Cabbage Kheer

admin, June 11, 2014

Serving size:2-4

Ingredients:

1. 2 cups shredded Cabbage
2. 1 can condensed milk
3. 4 cups milk
4. ½ cup Sugar – or you may reduce it depending on your taste
5. A pinch of saffron
6. 2-3 cardamom pods – pounded
7. 1 tbsp ghee
8. ¼ broken pistachios and cashew pieces.
9. 2 tbsp Almond powder – optional

Directions:

1. Boil 2 cups of water in a pan, and add shredded cabbage to it. Let it cook on medium flame for 10-15 minutes. Turn off the flame, drain the cabbage completely and reserve the drained water aside.
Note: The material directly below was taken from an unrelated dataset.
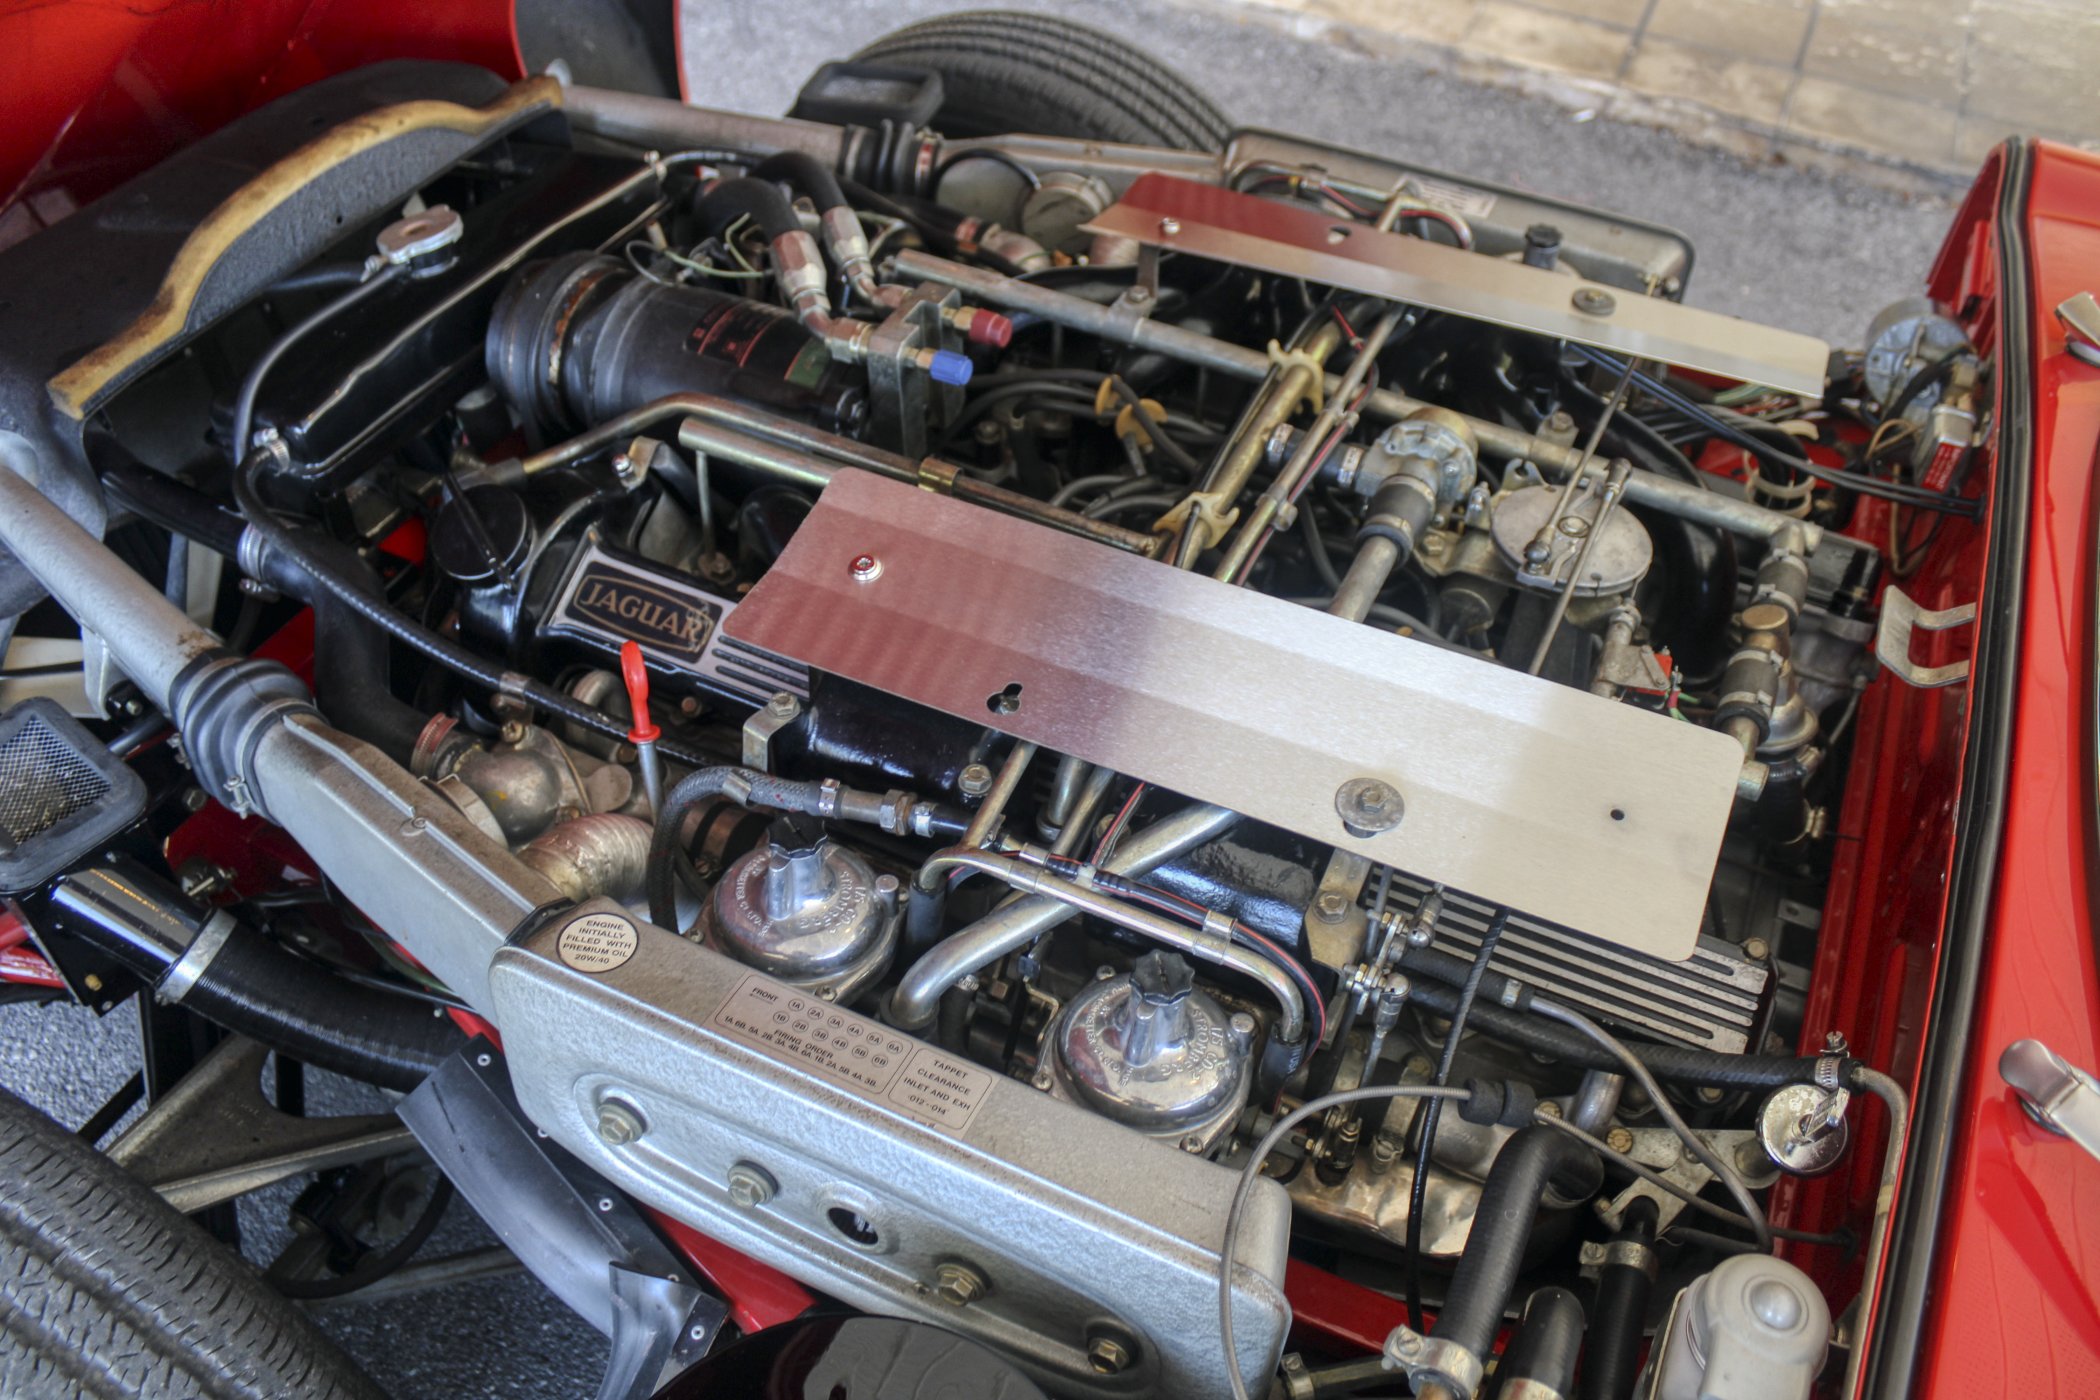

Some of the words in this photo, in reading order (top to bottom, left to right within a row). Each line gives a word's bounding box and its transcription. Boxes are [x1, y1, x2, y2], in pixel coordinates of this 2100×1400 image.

2. Now, heat ghee in a big pot and throw in the drained cabbage. Fry for 3-4 minutes on a low flame.

3. Keeping the flame low, add milk and condensed milk and cook this mixture for about 25-30 minutes till milk reduces to almost half of its quantity, stirring frequently to avoid it getting burnt

4. Add sugar and almond meal at this stage and keep stirring for 10-15 minutes more. Add in cardamom pods and saffron and turn off the flame.
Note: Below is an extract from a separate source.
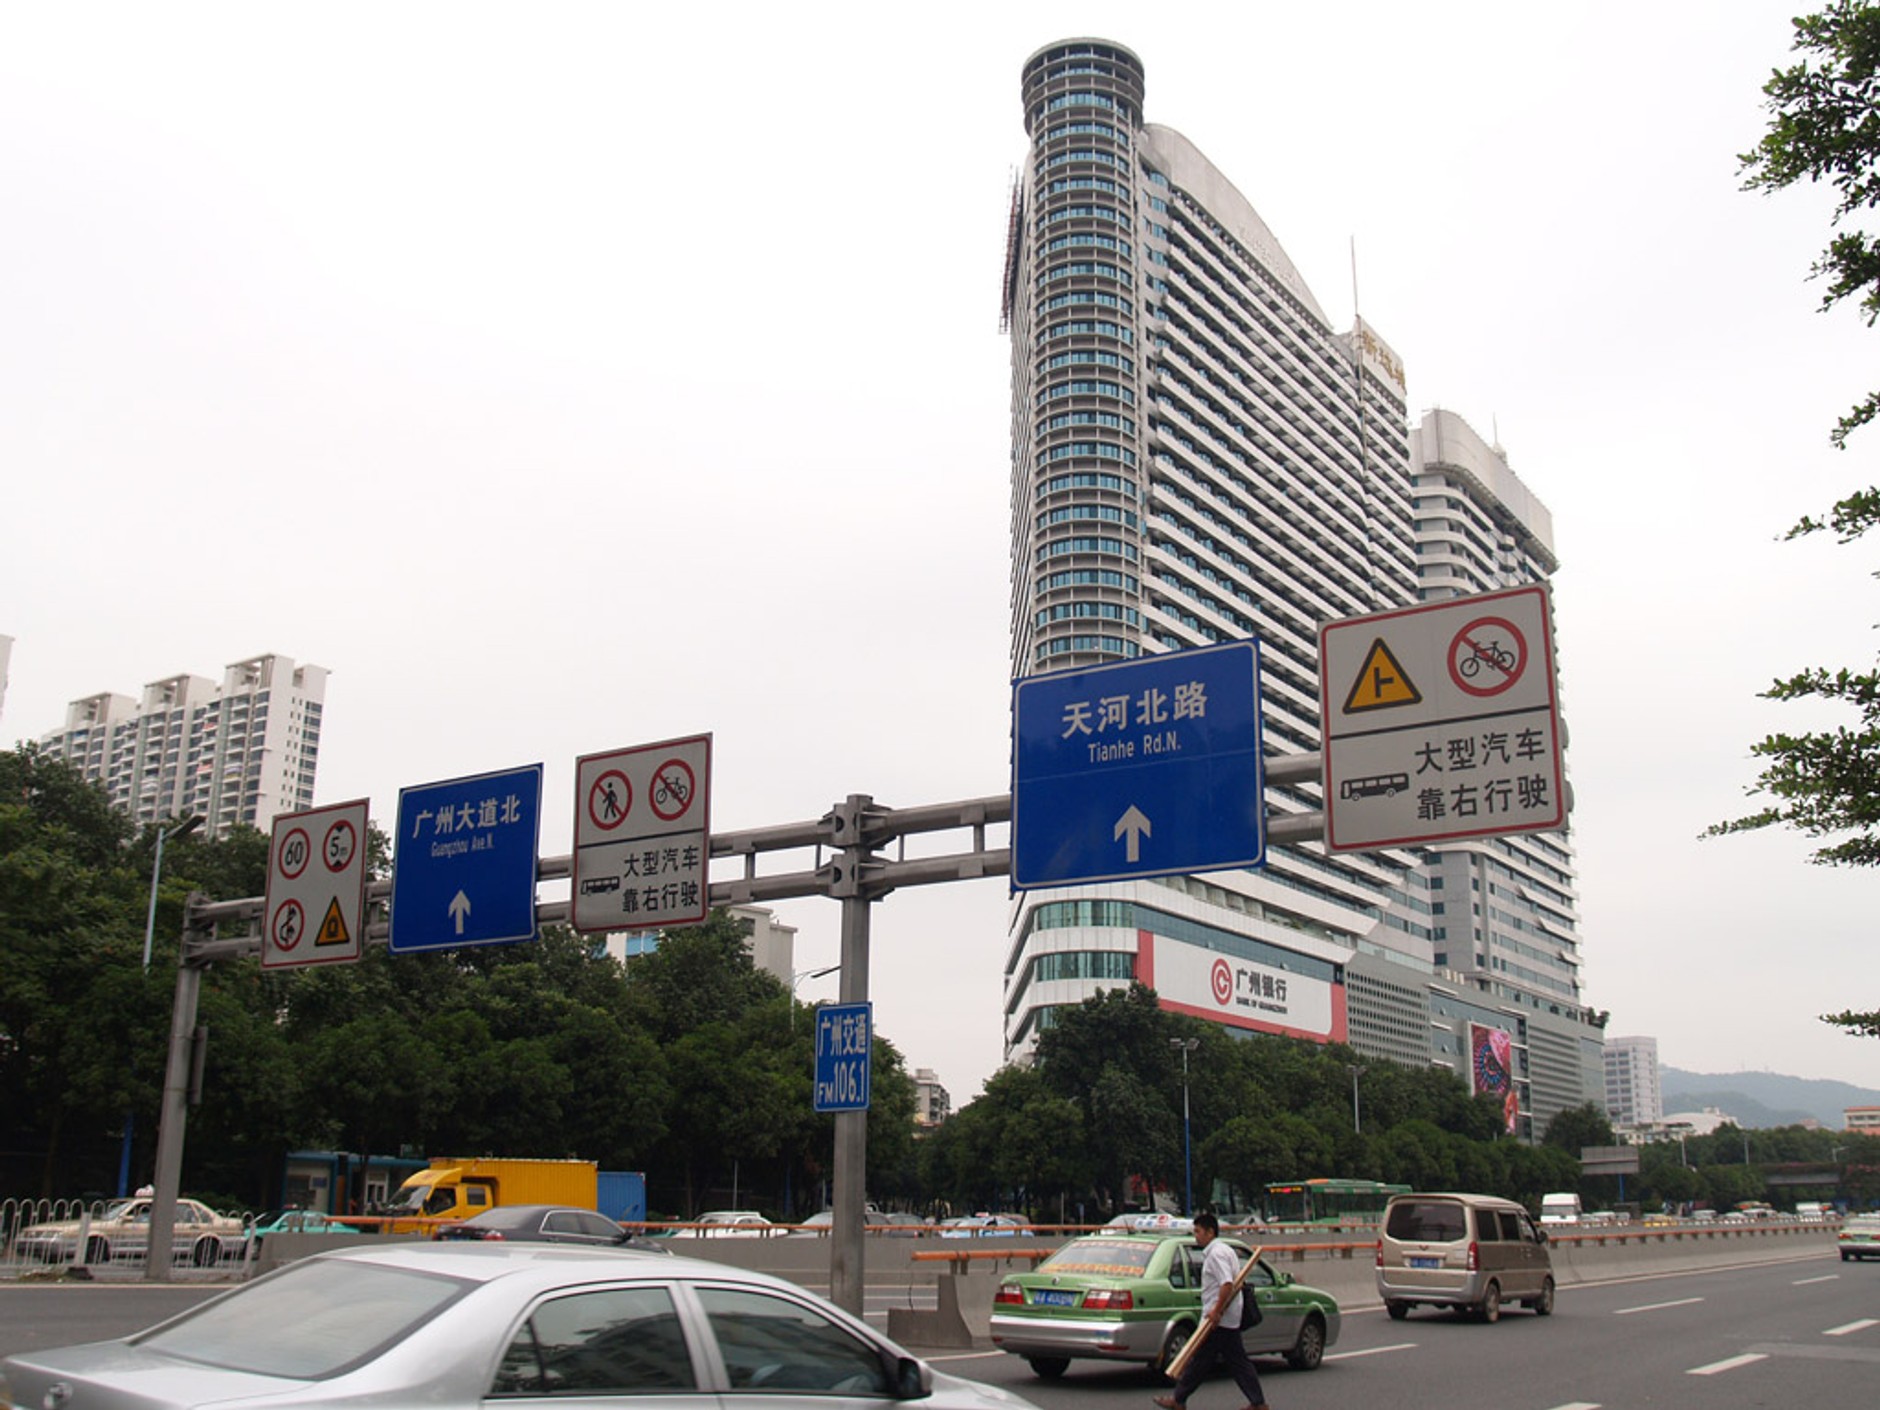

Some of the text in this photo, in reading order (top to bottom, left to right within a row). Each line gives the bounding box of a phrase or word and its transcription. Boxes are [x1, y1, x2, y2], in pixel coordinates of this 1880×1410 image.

5. Add pistachios and cashews and keep in the refrigerator to chill

6. Serve chilled, garnishing with more cashews on top if required

Tips:

1. First and foremost, use a heavy bottomed pan for the preparation else you may end up burning the milk

2. Addition of almond meal or powder brings a very rich taste and texture to the kheer, you may omit it completely if you wish

3. To make it vegan, you can replace the milk with coconut milk and instead of condensed milk use 2 tbsp corn-starch + 2 cups of water. Cashew milk is also a good option for this

4. You can use the drained water in kneading the dough for chapathis, it will result in very soft dough.